Because each person has different issues and goals for therapy, therapy will be different depending on the individual. In general, you can expect to discuss the current events happening in your life, your personal history relevant to your issue, and report progress (or any new insights gained) from the previous therapy session. Depending on your specific needs, therapy can be short-term, for a specific issue, or longer-term, to deal with more difficult patterns or your desire for more personal development. Either way, it is most common to schedule regular sessions with your therapist (usually weekly).
Therapy is collaborative. When working with me, we will discuss your goals in depth. We will work together to determine what will be the course we will take in our sessions.
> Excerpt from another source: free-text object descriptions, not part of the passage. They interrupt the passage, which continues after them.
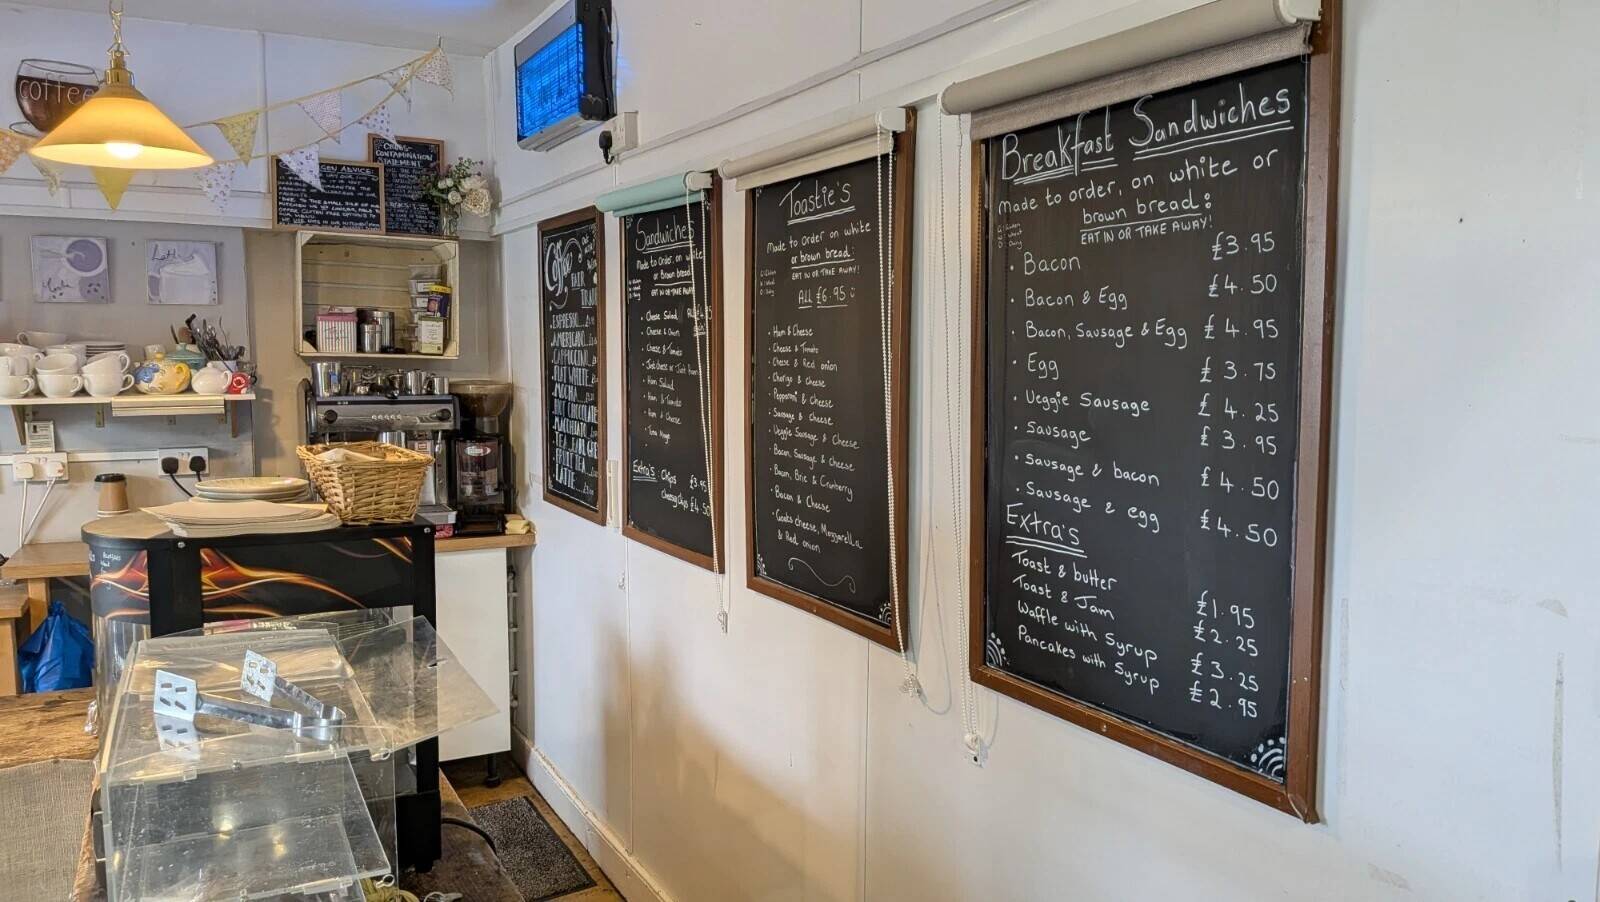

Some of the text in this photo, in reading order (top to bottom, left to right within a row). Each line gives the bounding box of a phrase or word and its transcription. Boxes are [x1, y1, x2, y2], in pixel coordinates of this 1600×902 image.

[19, 74, 95, 104] coffee
[1001, 83, 1290, 180] Breakfast Sandwiches
[999, 149, 1278, 215] Made to order, on white or
[779, 180, 851, 218] Toastie's
[1081, 216, 1213, 245] EAT IN OR TAKE AWAY!
[1083, 208, 1127, 224] brown
[636, 215, 694, 251] Sandwiches
[767, 220, 871, 254] Made to on white
[791, 251, 820, 264] or brown
[1023, 231, 1276, 276] Bacon £3.95
[798, 289, 813, 304] ALL
[1025, 273, 1277, 310] Bacon & Egg £4.50
[773, 324, 813, 337] Ham Cheese
[1025, 314, 1278, 349] Bacon, Sausage & Egg £4.95
[773, 342, 792, 353] Cheese
[803, 358, 815, 369] Red
[821, 361, 837, 372] onion
[1027, 352, 1276, 382] Egg £3.75
[805, 377, 826, 388] Cheese
[773, 407, 795, 423] Sausage
[809, 395, 834, 408] Cheese
[1026, 390, 1279, 423] Veggie Sausage £4.25
[773, 424, 792, 440] Veggie
[795, 427, 819, 447] Sausage
[832, 433, 860, 449] Cheese
[1026, 421, 1277, 455] Sausage £3.95
[794, 448, 817, 470] Sausage
[795, 469, 808, 483] Brie
[820, 475, 853, 502] Cranberry
[1025, 454, 1279, 500] Sausage & bacon £4.50
[775, 484, 794, 501] Bacon
[806, 494, 831, 513] Cheese
[1026, 482, 1277, 547] Sausage & egg £4.50
[776, 509, 793, 523] Goats
[1006, 503, 1080, 546] Extra's
[785, 531, 799, 546] Red
[802, 540, 821, 553] onion
[1011, 550, 1117, 590] Toast & butter
[1013, 574, 1255, 629] Toast & Jam £1.95
[1017, 600, 1258, 668] Waffle with Syrup £2.25
[1018, 625, 1259, 695] Pancakes with Syrup £3.25
[1189, 680, 1258, 718] £2.95
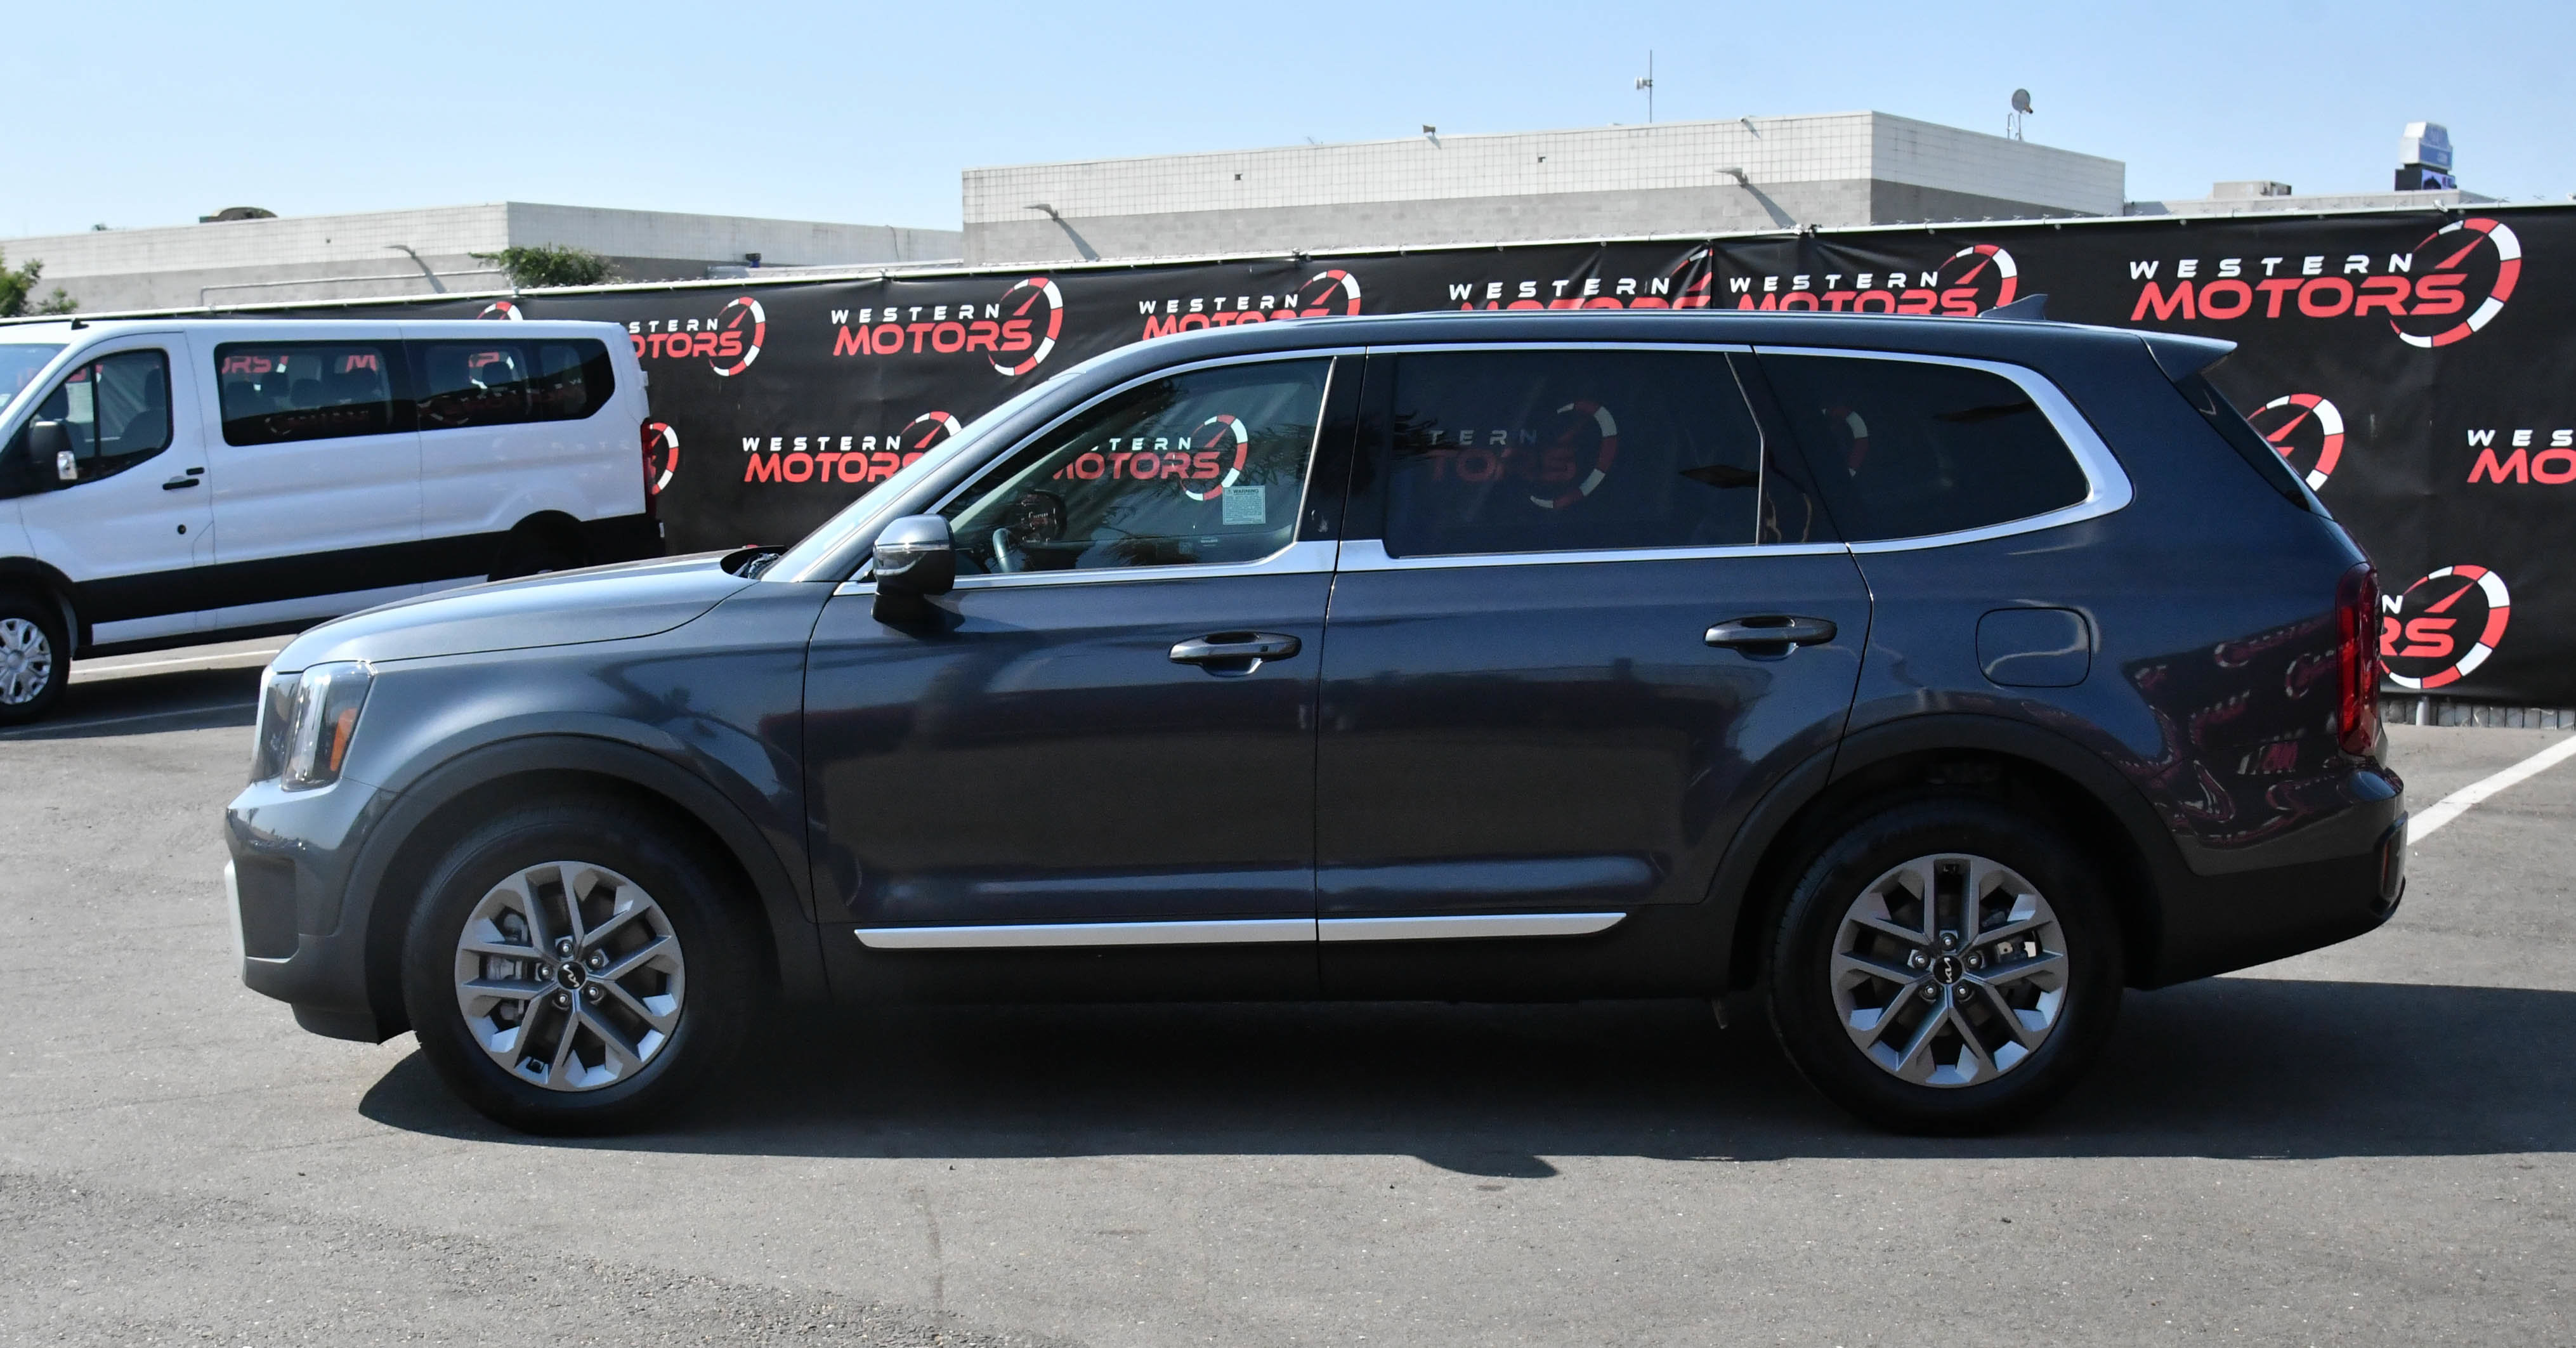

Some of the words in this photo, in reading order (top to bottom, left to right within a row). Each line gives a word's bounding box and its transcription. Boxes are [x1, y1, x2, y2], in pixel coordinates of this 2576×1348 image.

[2129, 253, 2413, 280] WESTERN
[1449, 277, 1670, 300] WESTERN
[1730, 272, 1939, 292] WESTERN
[1139, 294, 1298, 314] WESTERN
[2130, 273, 2468, 321] MOTORS
[831, 303, 1000, 324] WESTERN
[1142, 308, 1330, 341] MOT
[833, 319, 1033, 356] MOTORS
[742, 436, 901, 451] WESTERN
[1092, 436, 1191, 451] TERN
Here are some things you can expect form me:
Respect, understanding and compassion
Offering cutting edge therapies such as Rapid Resolution Therapy®
Interactive, direct, feedback
What is hypnotherapy? Will I quack like a duck?
Hypnotherapy is a technique that promotes change through the use of language and sensory experience. If you have ever been to a movie and have become engrossed in the movie, beginning to experience an emotional response, you have experienced a "trance". In hypnotherapy we create an experience for you. We speak to your expereince, such as thinking of a beautiful place in nature where you have been that was both exciting yet peaceful. In doing so, you begin to create your experience, responding to what has meaning and value. This is what occurs in hynpnosis.
Myths about Hypnsois
Many have fears that they may lose control. There may be a fear, that a suggestion might be impanted such as "when you hear a bell you will quck like a duck" There may also be a fear that they will not do it right, or they may expereince a suppressed memory. Individuals are always in control of their experience. You only respond to what makes sense to you and has meaning and value.
What about medication vs. psychotherapy?
It is well established that the long-term solution to mental and emotional problems and the pain they cause cannot be solved solely by medication. Instead of just treating the symptom, therapy addresses the cause of our distress and the behavior patterns that curb our progress. You can best achieve sustainable growth and a greater sense of well-being with an integrative approach to wellness. Working with your medical doctor you can determine what's best for you, and in some cases a combination of medication and therapy is the right course of action.
Do you take insurance, and how does that work?
To determine if you have mental health coverage through your insurance carrier, the first thing you should do is call them. Check your coverage carefully and make sure you understand their answers. Some helpful questions you can ask them:
- What are my mental health benefits?
- What is the coverage amount per therapy session?
- How many therapy sessions does my plan cover?
- How much does my insurance pay for an out-of-network provider?
- Is approval required from my primary care physician?
Does what we talk about in therapy remain confidential?
Confidentiality is one of the most important components between a client and psychotherapist. Successful therapy requires a high degree of trust with highly sensitive subject matter that is usually not discussed anywhere but the therapist's office. Every therapist should provide a written copy of their confidential disclosure agreement, and you can expect that what you discuss in session will not be shared with anyone. This is called “Informed Consent”. Sometimes, however, you may want your therapist to share information or give an update to someone on your healthcare team (your Physician, Naturopath, Attorney), but by law your therapist cannot release this information without obtaining your written permission.
However, state law and professional ethics require therapists to maintain confidentiality except for the following situations:
Suspected past or present abuse or neglect of children, adults, and elders to the authorities, including Child Protection and law enforcement, based on information provided by the client or collateral sources.
If the therapist has reason to suspect the client is seriously in danger of harming him/herself or has threated to harm another person.